Equine Therapy: An Inside Look

Claire Dorotik, M.A.


Even if your experience with horses is only a passing interest, you have most likely felt what those having a long history with horses already know: there is something about horses that is just good for the soul. As the awareness of this powerful effect of horses on people has grown, those in the mental health field have also begun to turn to horses to help with a variety of issues their clients are experiencing. What has grown out of this interest is what is now known as equine facilitated psychotherapy, or equine facilitated learning.


A Short History

As early as 1969, the North American Riding for the Handicapped Association (NARHA) recognized the physically therapeutic impact of riding for those with physical disabilities. With promising results, the interest in this approach grew, and NARHA soon expanded to it present size of more than 800 member centers, over 3,500 certified instructors and 6,500 members. The benefit horses can offer was soon realized to extend beyond the physical realm, and a number of organizations offering both psychotherapy and learning partnering with horses began to emerge. Among the first of these was the Equine Assisted Growth and Learning Association (EAGALA), which as a nonprofit organization, now offers certifications in either equine assisted psychotherapy, or equine assisted learning. Soon thereafter, linda Kohanov wrote her bestselling book, The Tao of Equus, and with an healthy following, started Epona Equestrian Services. Recognized as a pioneer in the field, Kohanov offers workshops, apprenticeships and leadership programs for those interested in incorporating the intuitive nature into the personal of professional lives. With these two prominent organizations in place, longtime expert in the filed of equine facilitated psychotherapy, and NARHA professional, Barbara Rector, introduced the healing benefits of horses to Sierra Tucson, an exclusive drug and alcohol addiction center. The first center of its kind to partake in this ground breaking approach, Sierra Tucson soon also became recognized as a pioneer in the world of addiction recovery. With professional respect now turned in her direction, Rector partnered with NARHA to found the Equine Facilitated Mental Health Association, (EFMHA), itself an innovative organization in it’s quest to provide professional standards for what had now become quite a popular field. In 2005, EFMHA presented the first set of nationally recognized standards from which equine professionals working in mental health would now have to adhere to. 

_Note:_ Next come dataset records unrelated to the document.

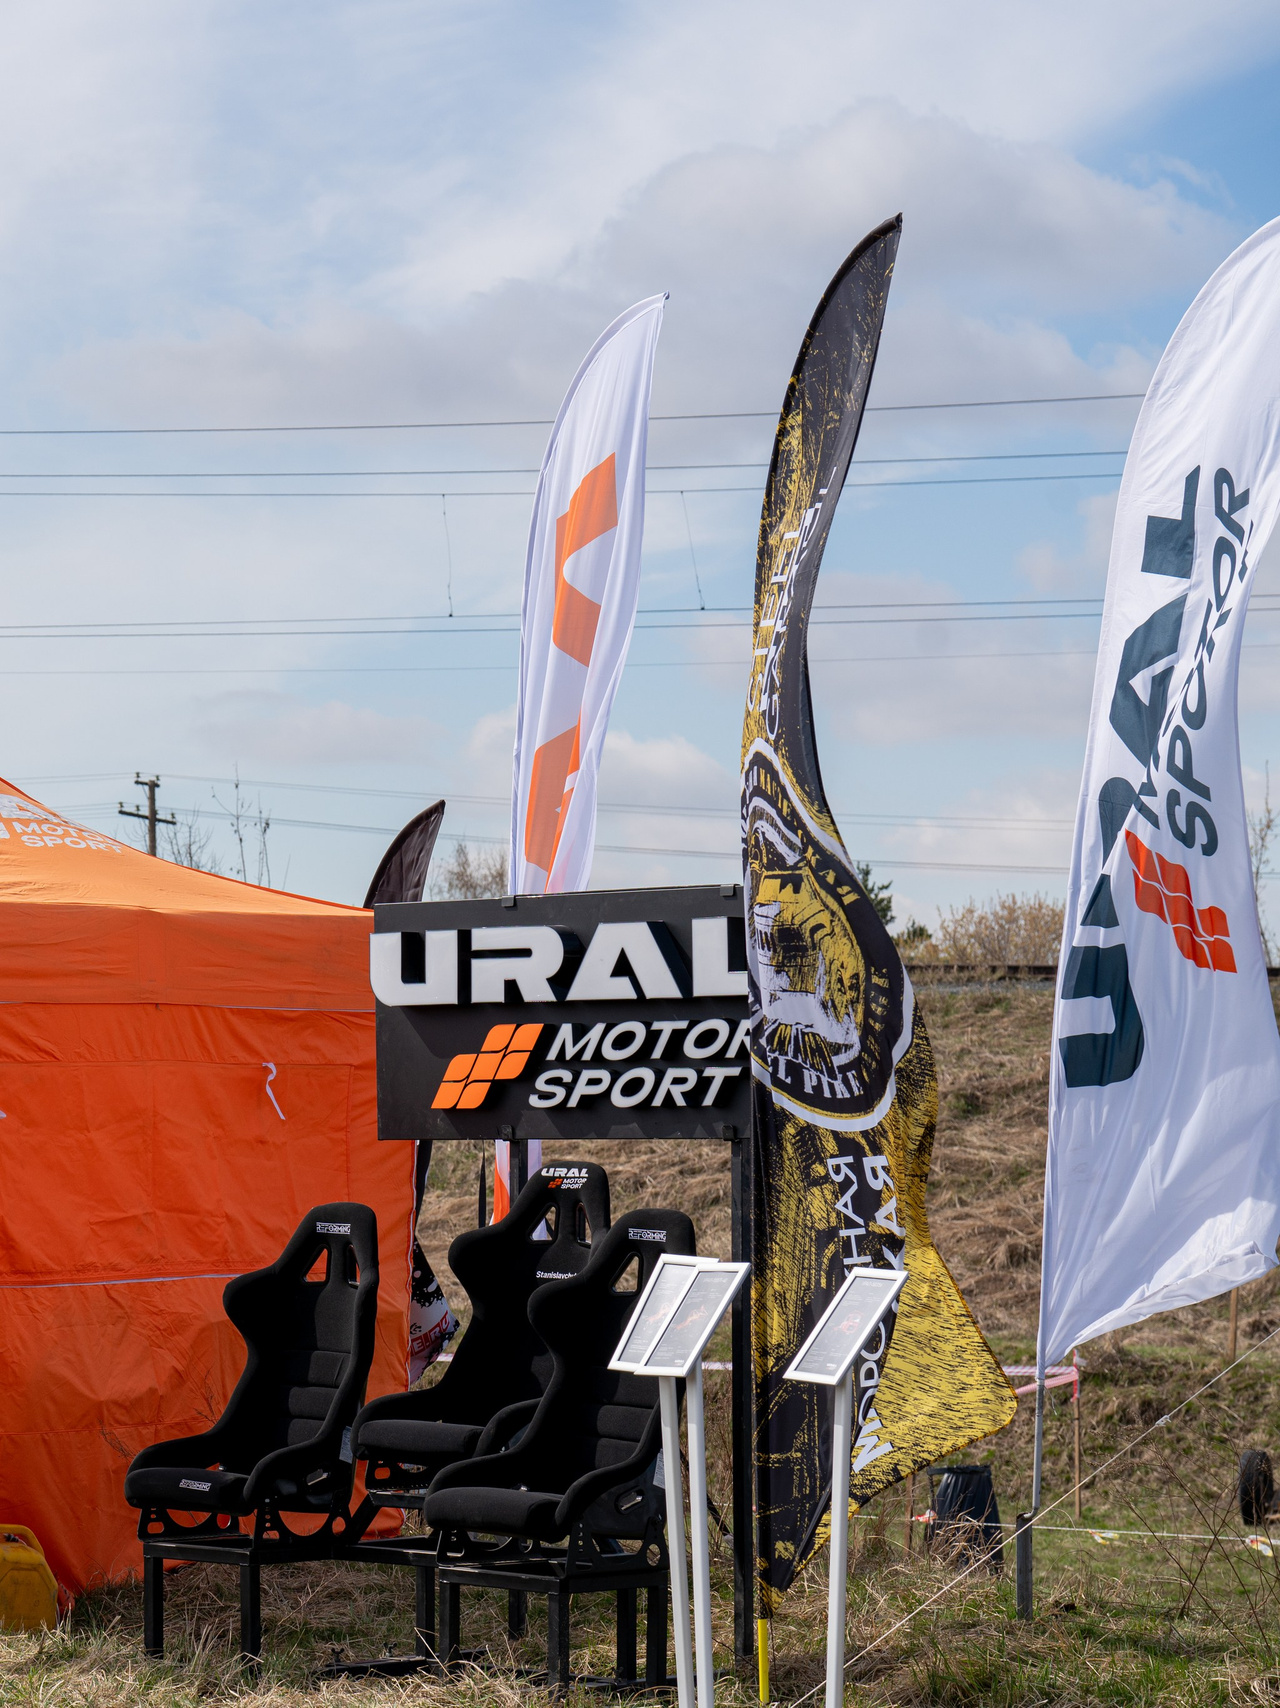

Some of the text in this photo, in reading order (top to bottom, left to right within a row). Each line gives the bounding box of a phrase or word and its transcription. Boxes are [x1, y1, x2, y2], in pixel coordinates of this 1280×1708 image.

[20, 835, 123, 854] SPORT
[370, 915, 749, 1007] URAL
[528, 1066, 743, 1110] SPORT
[541, 1167, 589, 1178] URAL
[628, 1228, 667, 1242] REFORMING
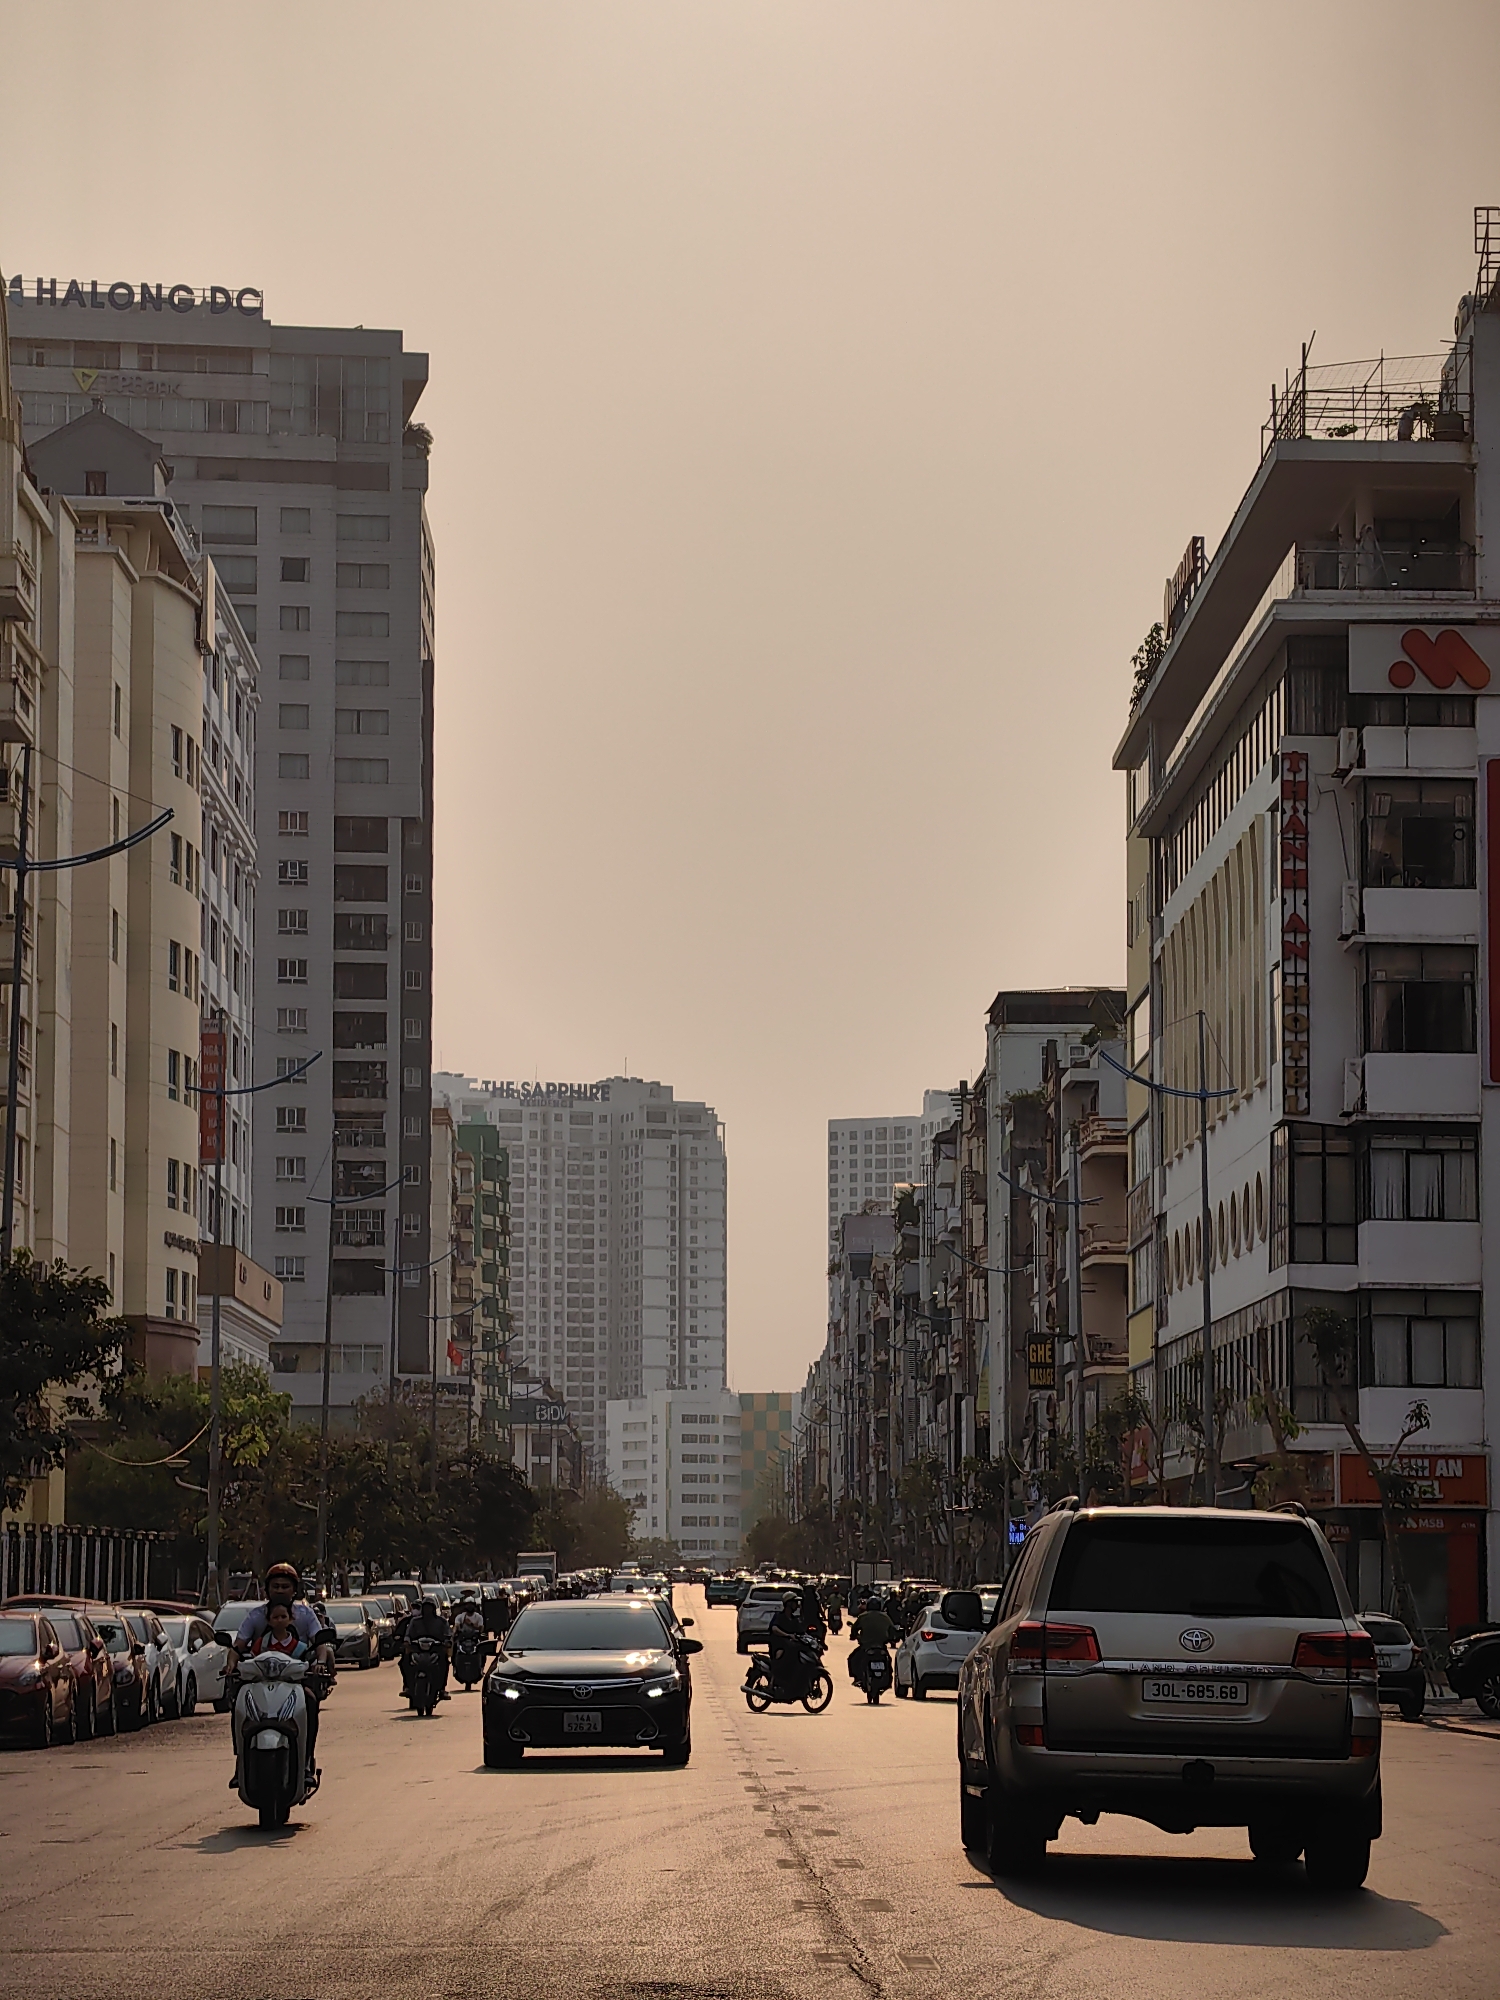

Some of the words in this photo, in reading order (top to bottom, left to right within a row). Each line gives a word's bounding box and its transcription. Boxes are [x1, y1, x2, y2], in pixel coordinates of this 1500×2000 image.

[36, 277, 195, 314] HALONG
[210, 285, 262, 316] DC
[1282, 985, 1309, 1116] HOTEL
[482, 1080, 515, 1098] THE
[521, 1081, 612, 1102] SAPPHIRE
[1029, 1338, 1053, 1363] GHẾ
[1435, 1458, 1463, 1477] AN
[1418, 1518, 1444, 1528] MSB
[1151, 1682, 1239, 1700] 30L-685.68

However, as the excitement about horses offering healing to humans grew, and a burgeoning opportunity was realized, many smaller organizations quickly opened their doors to offer certifications and workshops as well. Not recognized by NARHA, EAGALA, or any governing body, these young organizations added to what remains a contentious debate about the safety protocols needed to protect the uninformed clients from potential injury.

And the interest in equine therapy has not escaped the educational field with smaller colleges such as Prescott College, in Arizona, and Bethany College, in West Virginia both offering certification programs, and in the case of Prescott College, a full Marriage and Family Therapist licensure track program in equine facilitated psychotherapy, and learning. 

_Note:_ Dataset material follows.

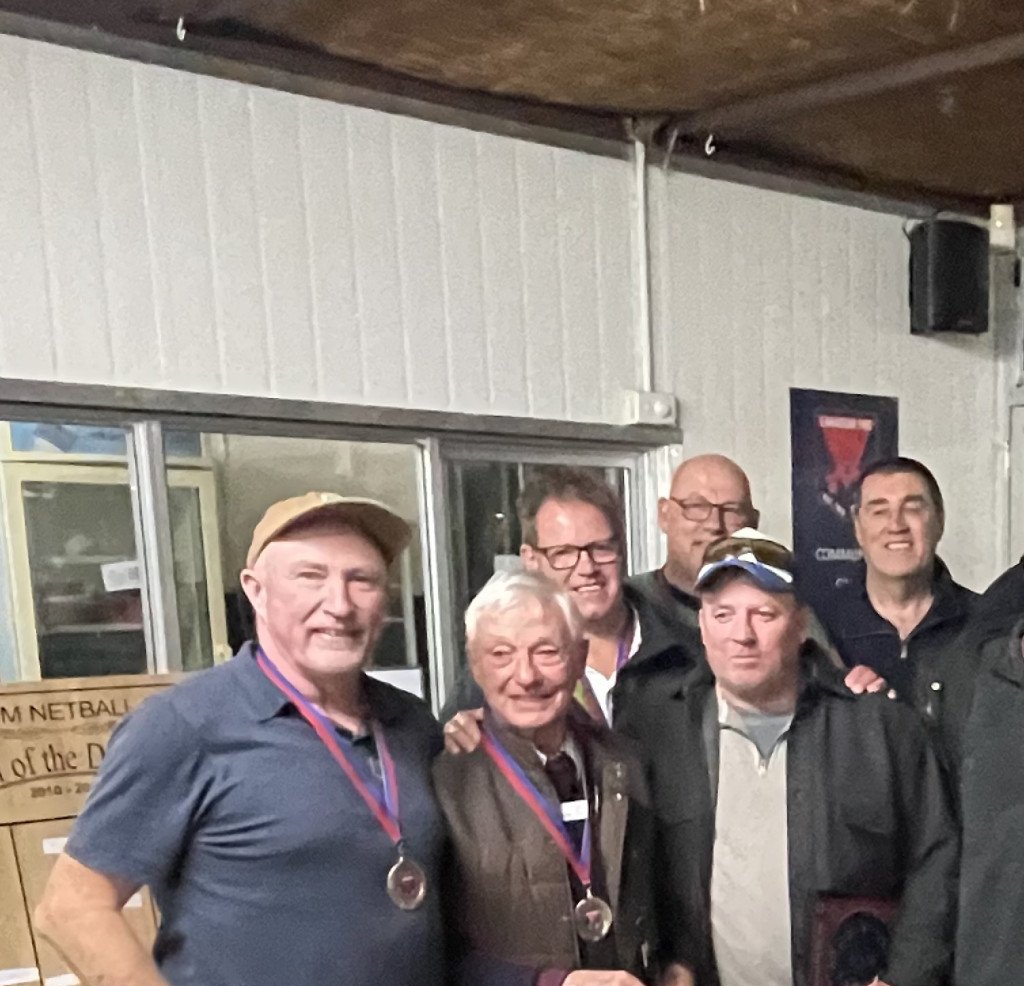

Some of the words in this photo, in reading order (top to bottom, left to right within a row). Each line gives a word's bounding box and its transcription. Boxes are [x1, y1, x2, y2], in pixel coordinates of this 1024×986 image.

[29, 699, 129, 720] NETBALL
[11, 746, 36, 778] of
[42, 744, 78, 772] the

Today, although both horse people and mental health professionals have a host of options in incorporating horse healing into their practice, only NAHRA/EFMHA offer nationally recognized standards in the field. 


An Inside Look:

So what is it that really happens in an equine therapy session? Well, just as there are a number of ways to approach training a horse, several different methods of equine assisted therapy are in existence. Some organization, such as EAGALA prefer the use of recognized exercises or activities to be performed with the horse, which purportedly, provide the client with an experience from which a metaphor for life can be drawn. For example, a client who quickly become frustrated while trying to halter a horse, would be asked if he/she also feels this way when faced with a challenging situation in life. On of the most classic of these exercises, used exclusively for clients battling eating disorders, is called, “Temptation Alley,” and involves the patient attempting to guide a horse through an aisle way lined with hay and grain. As the client struggles to prevent the horse from eating, a horse professional and psychotherapist, working in concert, will help the client draw from this experience, information about how she handles her eating disorder. 

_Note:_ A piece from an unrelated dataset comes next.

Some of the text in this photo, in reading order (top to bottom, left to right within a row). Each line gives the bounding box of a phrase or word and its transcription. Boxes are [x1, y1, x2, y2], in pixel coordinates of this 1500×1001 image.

While activities with the horse can be effective learning tools, organizations, such as EFMHA, and EPONA have shied away from this approach, and instead advocated the acceptance of the horse as a sentient being, offering unique and powerful insights of his own. To this end, both of these organizations have advocated more education around a comprehensive understanding, and accurate interpretation of horse behavior. Although both a horse professional and mental health expert are still recognized as the norm by these two organizations, the mental health professional should now have a more complete understanding of horse behavior. 

However, in terms of just what this understanding entails, EFMHA and EPONA part ways. As EPONA promulgate the idea that horses mirror people’s behavior, thereby reflecting back to the client what he/she brings to the session, EFMHA, encourages understanding the horse’s responses from the perspective of a herd animal. What this means to EFMHA, is interpreting the horse’s behavior as if it existed in a herd of fellow horses. For example, a horse circling closely around a client, would be interpreted as it would a horse circling closely around another, which depending on the physical posture and additional nonverbal behavior of the horse could mean either protection of dominance. Clearly, this approach requires the presence of a skilled practitioner well versed in equine behavior, and equine psychology.

Despite the disparity in approaches, there is no debate about the efficacy or utilization of equine facilitated psychotherapy, and it is now advocated for everything from eating disorders, depression, anxiety, childhood behavioral problems, corporate leadership, and team building.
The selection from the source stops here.